**WHAT TO PRODUCE**
Leave out the pictures and copy every record exactly.

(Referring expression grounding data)
--------------------------------

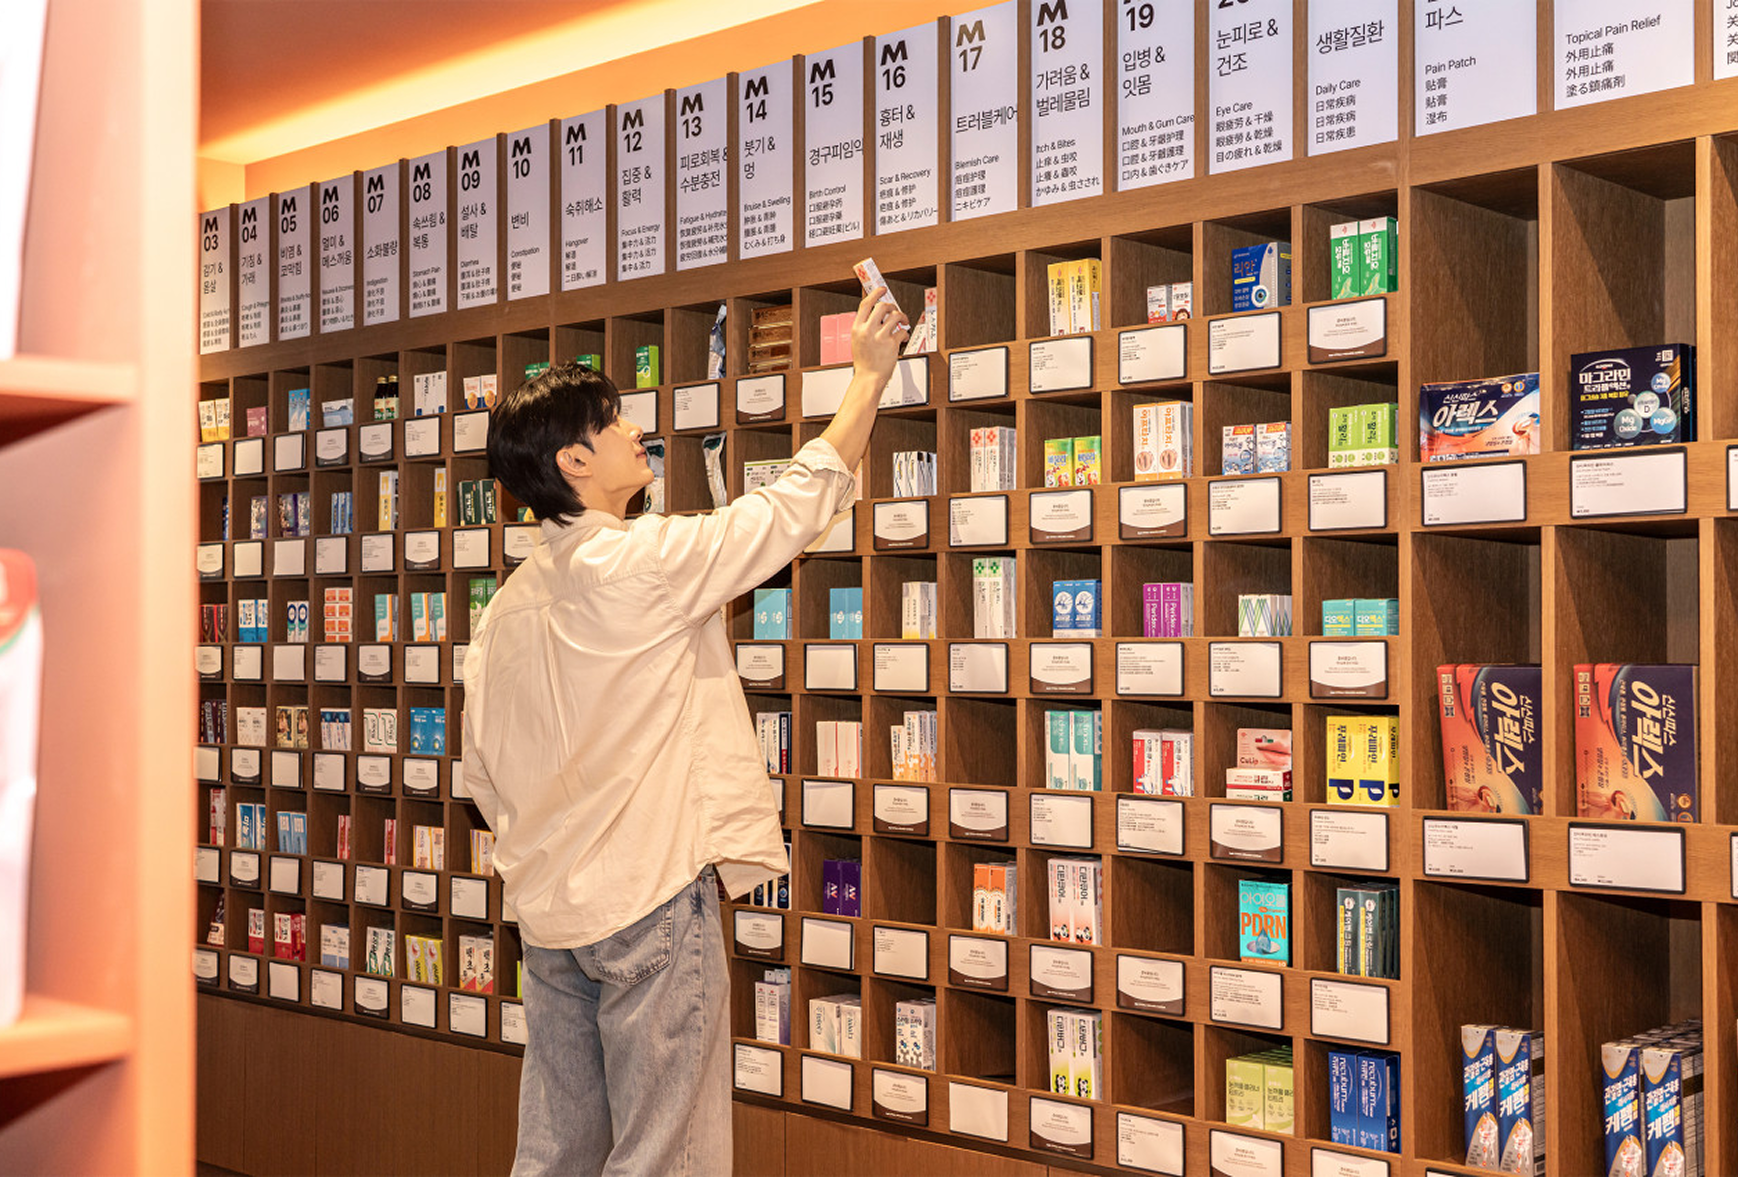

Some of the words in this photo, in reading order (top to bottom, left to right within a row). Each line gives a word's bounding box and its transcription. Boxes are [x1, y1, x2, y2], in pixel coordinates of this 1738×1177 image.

[1125, 2, 1154, 31] 19
[1425, 5, 1463, 30] 파스
[1039, 25, 1066, 52] 18
[1216, 20, 1263, 50] 눈피로
[1266, 18, 1278, 36] &
[1315, 19, 1384, 54] 생활질환
[1565, 27, 1603, 45] Topical
[1604, 22, 1628, 36] Pain
[1630, 14, 1660, 31] Relief
[958, 45, 982, 72] 17
[1122, 46, 1151, 72] 입병
[1154, 45, 1165, 63] &
[1565, 42, 1614, 63] 外用止痛
[1216, 52, 1247, 77] 건조
[1424, 62, 1446, 75] Pain
[1448, 55, 1476, 70] Patch
[1565, 59, 1613, 80] 外用止痛
[882, 64, 905, 90] 16
[1036, 64, 1077, 90] 가려움
[1079, 62, 1090, 80] &
[1122, 73, 1151, 98] 잇몸
[811, 82, 833, 107] 15
[1315, 82, 1338, 96] Daily
[1338, 79, 1361, 91] Care
[746, 98, 767, 123] 14
[1036, 86, 1090, 117] 벌레물림
[1215, 105, 1231, 117] Eye
[1232, 101, 1253, 113] Care
[879, 104, 903, 127] 흉터
[905, 104, 915, 120] &
[1121, 122, 1147, 136] Mouth
[1154, 118, 1174, 129] Gum
[1175, 111, 1194, 125] Care
[682, 115, 702, 139] 13
[623, 130, 642, 153] 12
[744, 136, 764, 157] 붓기
[767, 136, 775, 151] &
[879, 128, 903, 149] 재생
[568, 144, 583, 166] 11
[680, 147, 720, 171] 피로회복
[954, 157, 982, 170] Blemish
[982, 154, 999, 164] Care
[512, 157, 530, 179] 10
[621, 166, 641, 186] 집중
[643, 165, 651, 179] &
[743, 161, 754, 179] 멍
[461, 169, 480, 191] 09
[680, 168, 720, 193] 수분충전
[879, 175, 894, 185] Scar
[367, 192, 384, 213] 07
[412, 181, 431, 203] 08
[322, 204, 339, 224] 06
[438, 211, 445, 224] &
[460, 202, 478, 221] 설사
[479, 201, 486, 215] &
[565, 196, 603, 217] 숙취해소
[280, 214, 297, 234] 05
[510, 211, 529, 229] 변비
[203, 233, 218, 252] 03
[241, 224, 257, 243] 04
[338, 234, 344, 247] &
[256, 252, 262, 265] &
[296, 243, 302, 256] &
[1432, 400, 1498, 428] 아렉스
[1644, 406, 1650, 414] D
[1490, 682, 1525, 774] 아렉스
[1630, 681, 1664, 780] 아렉스
[1240, 912, 1286, 940] PDRN

--------------------------------

**SOLVED PROBLEM**
Some of the words in this photo, in reading order (top to bottom, left to right within a row). Each line gives a word's bounding box and its transcription. Boxes are [x1, y1, x2, y2], in pixel coordinates of this 1738×1177 image.

[1125, 2, 1154, 31] 19
[1425, 5, 1463, 30] 파스
[1039, 25, 1066, 52] 18
[1216, 20, 1263, 50] 눈피로
[1266, 18, 1278, 36] &
[1315, 19, 1384, 54] 생활질환
[1565, 27, 1603, 45] Topical
[1604, 22, 1628, 36] Pain
[1630, 14, 1660, 31] Relief
[958, 45, 982, 72] 17
[1122, 46, 1151, 72] 입병
[1154, 45, 1165, 63] &
[1565, 42, 1614, 63] 外用止痛
[1216, 52, 1247, 77] 건조
[1424, 62, 1446, 75] Pain
[1448, 55, 1476, 70] Patch
[1565, 59, 1613, 80] 外用止痛
[882, 64, 905, 90] 16
[1036, 64, 1077, 90] 가려움
[1079, 62, 1090, 80] &
[1122, 73, 1151, 98] 잇몸
[811, 82, 833, 107] 15
[1315, 82, 1338, 96] Daily
[1338, 79, 1361, 91] Care
[746, 98, 767, 123] 14
[1036, 86, 1090, 117] 벌레물림
[1215, 105, 1231, 117] Eye
[1232, 101, 1253, 113] Care
[879, 104, 903, 127] 흉터
[905, 104, 915, 120] &
[1121, 122, 1147, 136] Mouth
[1154, 118, 1174, 129] Gum
[1175, 111, 1194, 125] Care
[682, 115, 702, 139] 13
[623, 130, 642, 153] 12
[744, 136, 764, 157] 붓기
[767, 136, 775, 151] &
[879, 128, 903, 149] 재생
[568, 144, 583, 166] 11
[680, 147, 720, 171] 피로회복
[954, 157, 982, 170] Blemish
[982, 154, 999, 164] Care
[512, 157, 530, 179] 10
[621, 166, 641, 186] 집중
[643, 165, 651, 179] &
[743, 161, 754, 179] 멍
[461, 169, 480, 191] 09
[680, 168, 720, 193] 수분충전
[879, 175, 894, 185] Scar
[367, 192, 384, 213] 07
[412, 181, 431, 203] 08
[322, 204, 339, 224] 06
[438, 211, 445, 224] &
[460, 202, 478, 221] 설사
[479, 201, 486, 215] &
[565, 196, 603, 217] 숙취해소
[280, 214, 297, 234] 05
[510, 211, 529, 229] 변비
[203, 233, 218, 252] 03
[241, 224, 257, 243] 04
[338, 234, 344, 247] &
[256, 252, 262, 265] &
[296, 243, 302, 256] &
[1432, 400, 1498, 428] 아렉스
[1644, 406, 1650, 414] D
[1490, 682, 1525, 774] 아렉스
[1630, 681, 1664, 780] 아렉스
[1240, 912, 1286, 940] PDRN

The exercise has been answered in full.